Referring to FIGS. 3A-3C, material 50 is configured to form an articulated inner pad 46. The construction of inner pad 46 is illustrated by comparing reference numbers between FIG. 2 and FIGS. 3A-3C. Where an edge is joined to another edge or a surface, it may be through glue, such as a strong contact cement. The edges and surfaces may be joined all at once. Alternatively, edges 60A and 62A and edges 60B and 62B may be joined before the other edges and surfaces.
Inner pad 46 is articulated or bent so as to fit the knee when the knee is bent, which the knee is likely to be at the time of an intentional or unintentional fall. Of course, inner pad 46 could be formed from multiple pieces of material (as opposed to a single piece as shown in FIG. 2).
Inner pad 46 includes side walls 82A and 82B. Side wall 82A is shown in FIG. 3C. Referring to FIG. 3C, dashed line 76 extends from approximately point 70A to approximately a point 78. (Dashed line 76 is provided only for reference and is not part of knee pad 10.) Side wall 82A includes that area of material 50 between dashed line 76, edge 58A, and edge 52A. However, the shapes of material 50 and pad 46 may be chosen to be somewhat different than that shown in FIGS. 2 and 3A-3C. Accordingly, the area of the side wall may be somewhat different depending on the shapes chosen.

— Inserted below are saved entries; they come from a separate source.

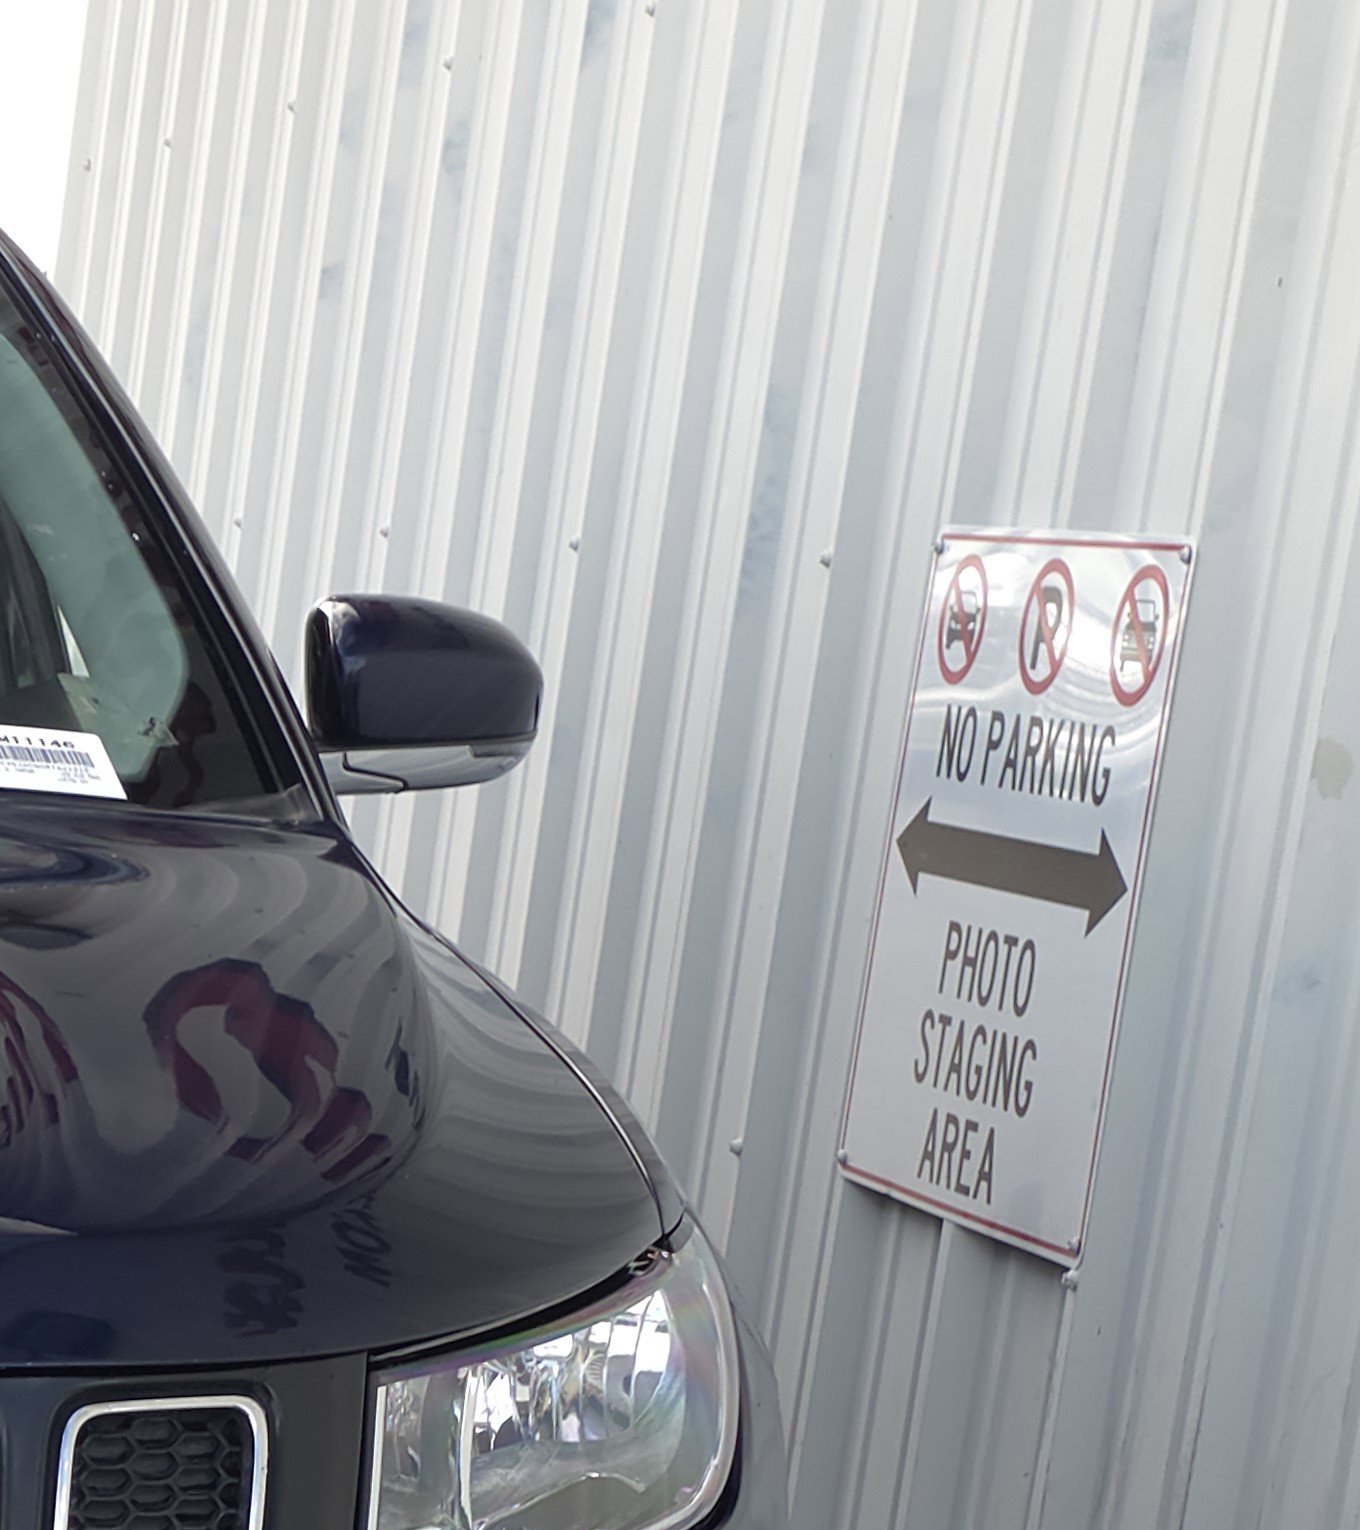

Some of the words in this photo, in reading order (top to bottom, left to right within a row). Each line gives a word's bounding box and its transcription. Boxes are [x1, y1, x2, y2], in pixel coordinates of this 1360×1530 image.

[935, 703, 978, 783] NO
[980, 708, 1116, 806] PARKING
[938, 919, 1037, 1018] PHOTO
[913, 1008, 1038, 1118] STAGING
[916, 1107, 997, 1205] AREA
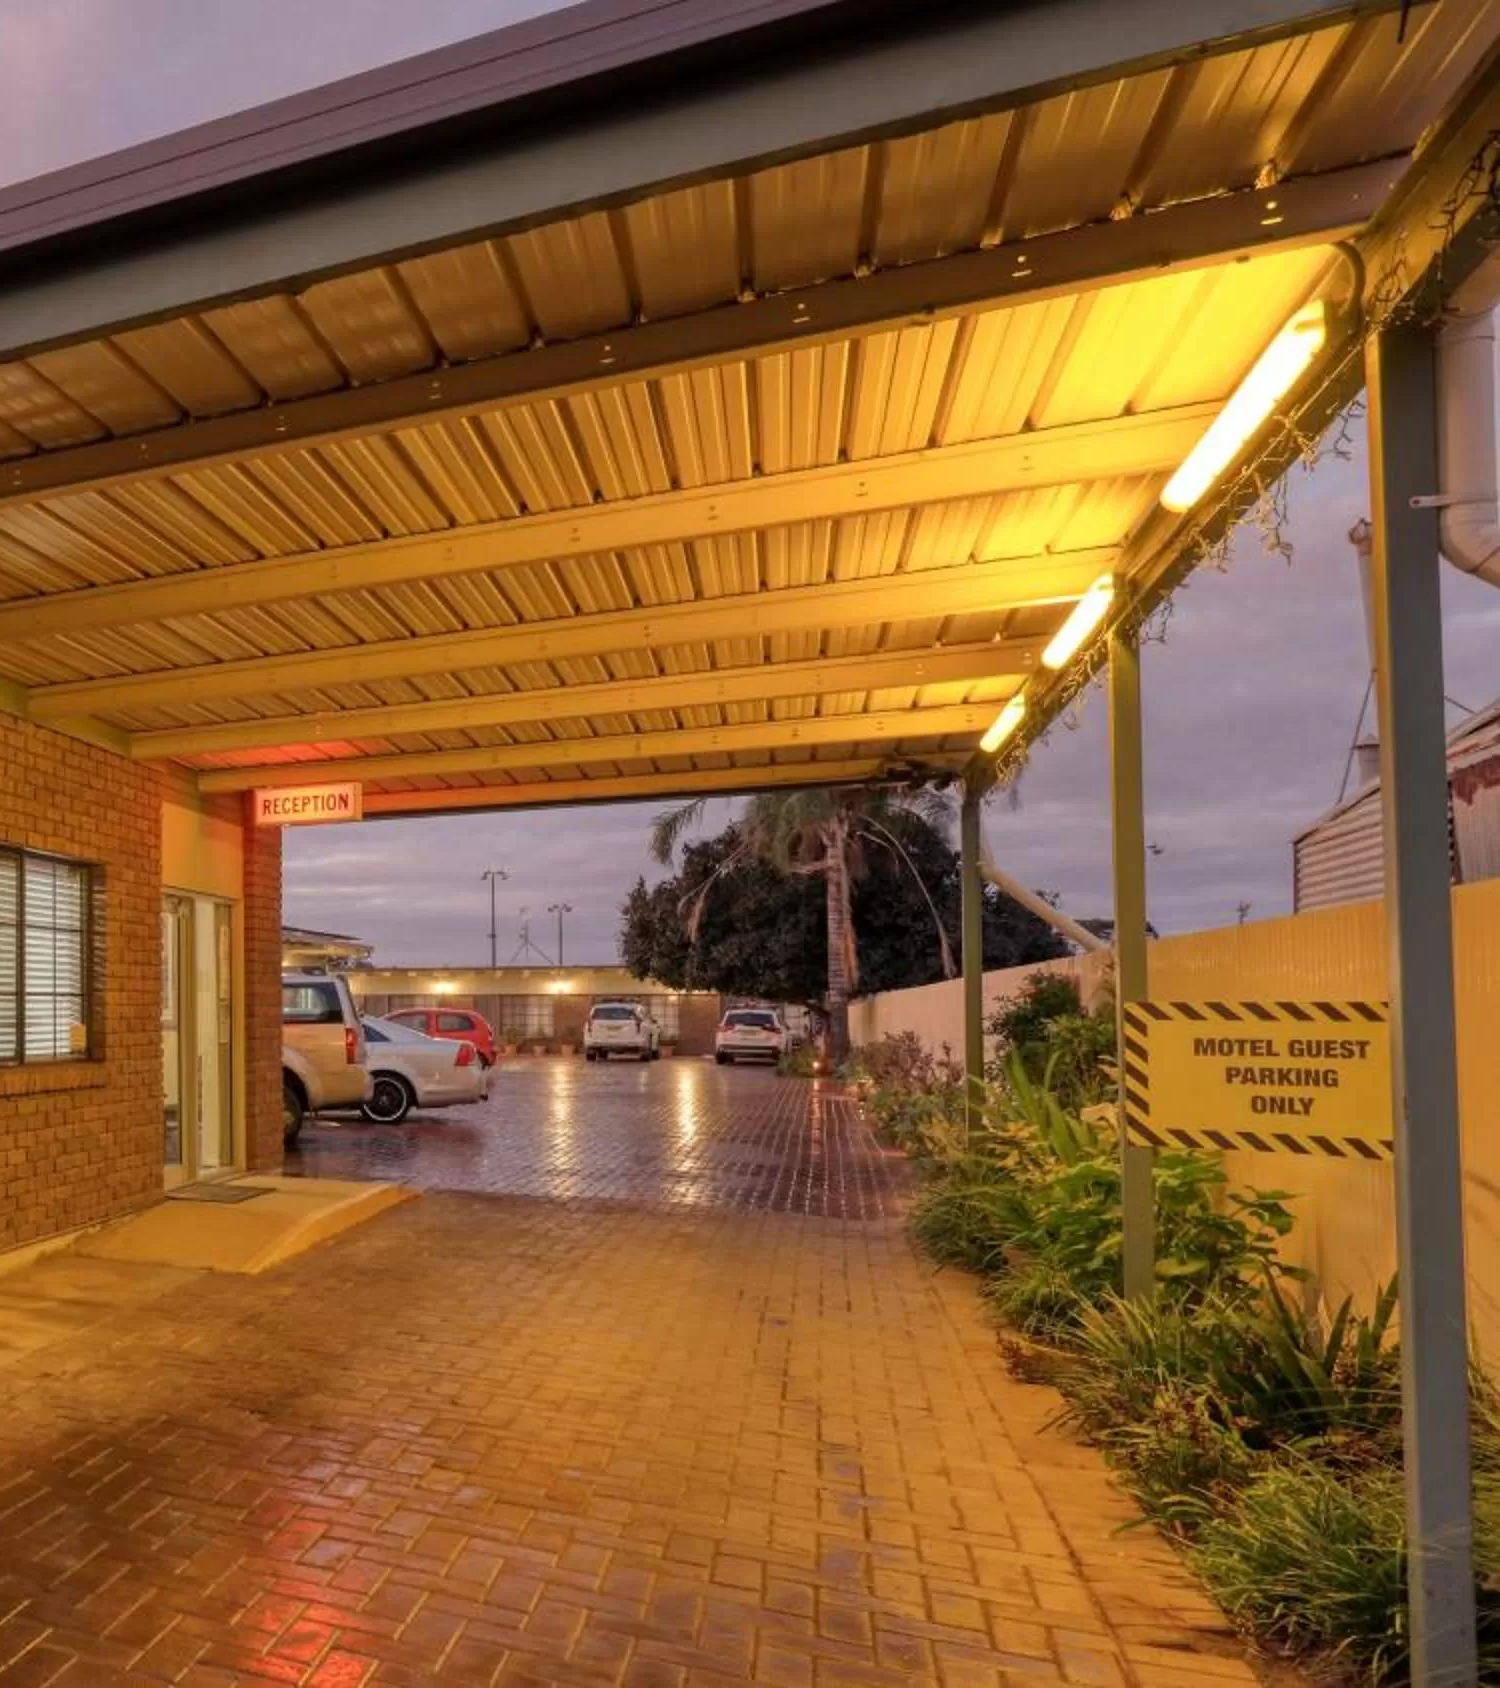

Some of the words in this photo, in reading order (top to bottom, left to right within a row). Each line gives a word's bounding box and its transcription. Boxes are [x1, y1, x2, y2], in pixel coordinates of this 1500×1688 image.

[262, 793, 349, 816] RECEPTION
[1193, 1038, 1280, 1057] MOTEL
[1288, 1040, 1370, 1059] GUEST
[1225, 1067, 1339, 1088] PARKING
[1251, 1095, 1315, 1116] ONLY

Indeed, the precise dimensions of the side wall are not important, but rather that there is some section that will protect the side of the knee. In a preferred embodiment, the side wall covers half the knee so that bones on the side of the knee are covered and protected. Sidewall 82A tapers downward where less coverage is needed. Tapering increases the flexibility of knee pad 10.

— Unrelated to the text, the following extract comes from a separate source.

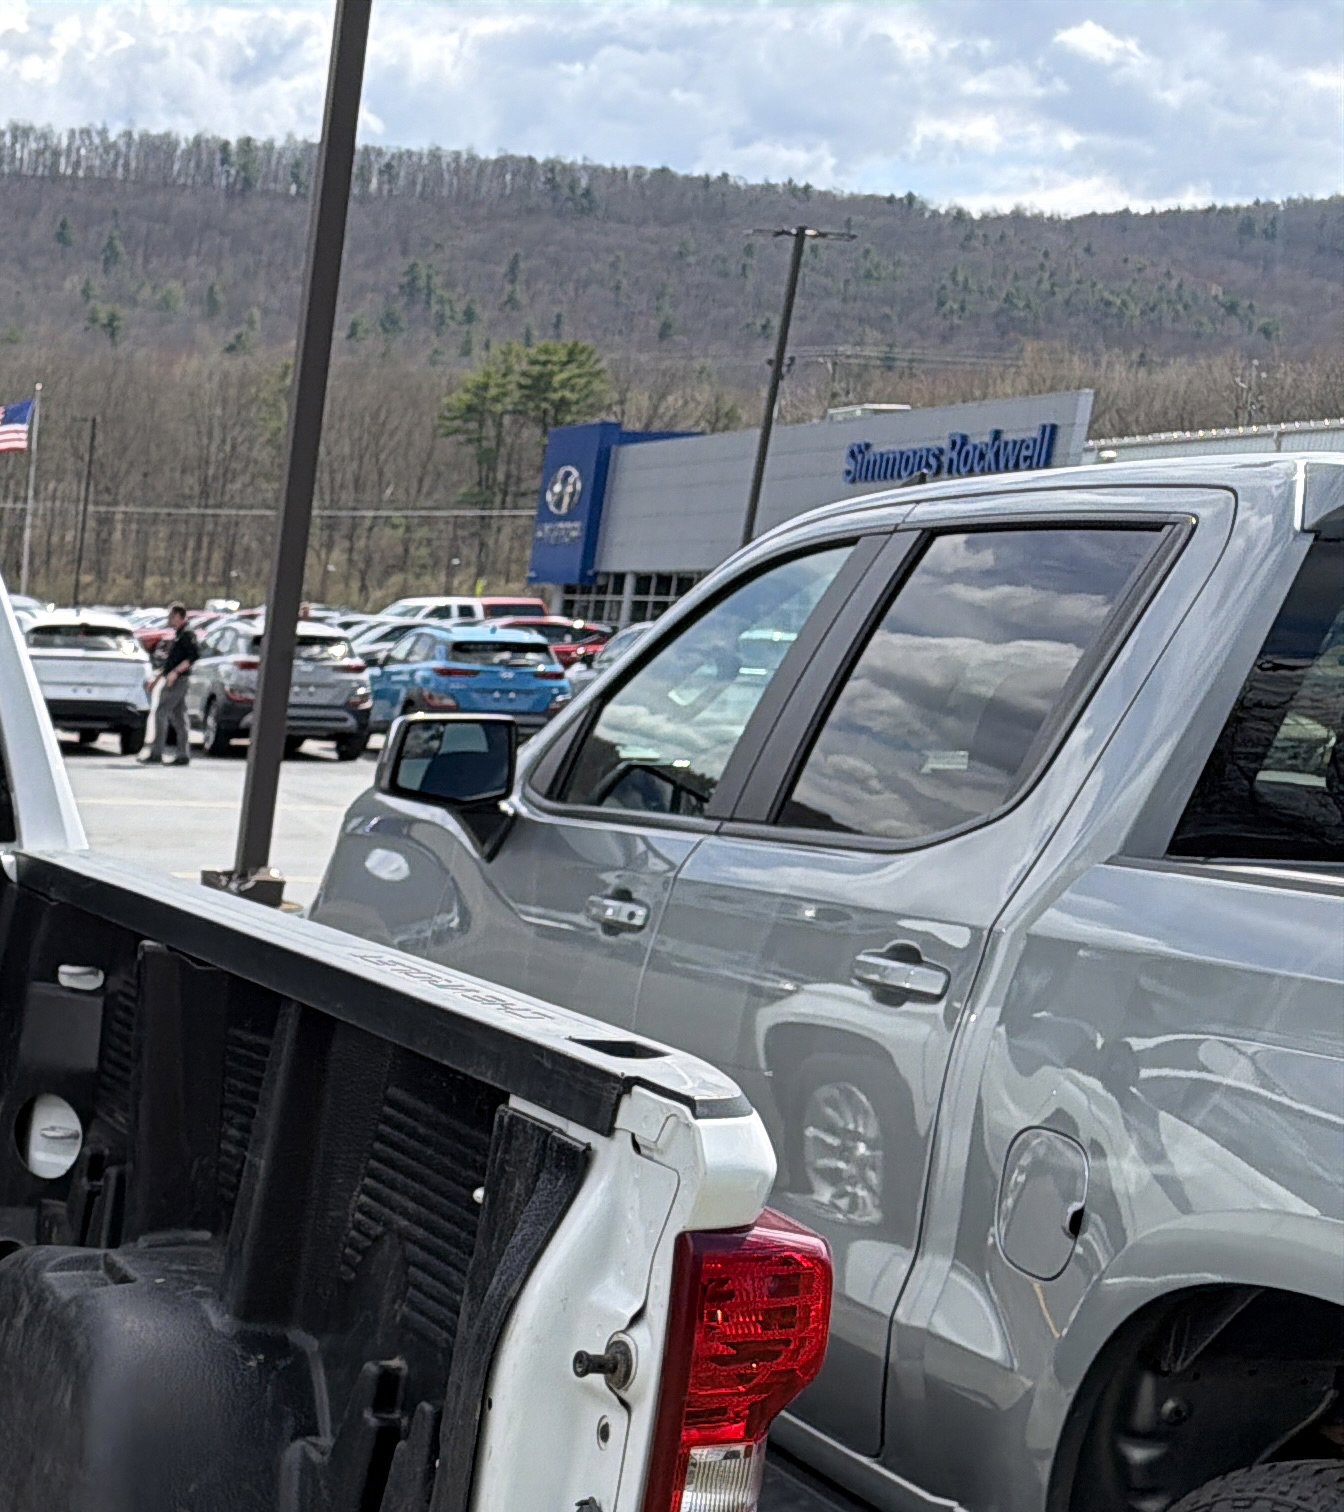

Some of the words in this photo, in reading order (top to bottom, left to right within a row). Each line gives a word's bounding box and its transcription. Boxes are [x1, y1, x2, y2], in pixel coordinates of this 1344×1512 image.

[843, 441, 944, 483] Simmons
[943, 423, 1058, 476] Rockwell
[350, 952, 556, 1020] CHEVROLET

The sidewalls may help prevent rotation of knee pad 10.
Referring to FIGS. 4 and 5, an optional additional inner pad 100 may be attached to the front of inner pad 46. Inner pad 100 may be formed of a single piece of material with slits 102A and 102B which are joined through, for example, glue to form a rounded shape to fit over a section of inner pad 100. Inner pad 100 may be glued to inner pad 46. Inner pad 100 may be made of a one-half inch, four pound, close-cell EVA foam, or any of various other suitable materials.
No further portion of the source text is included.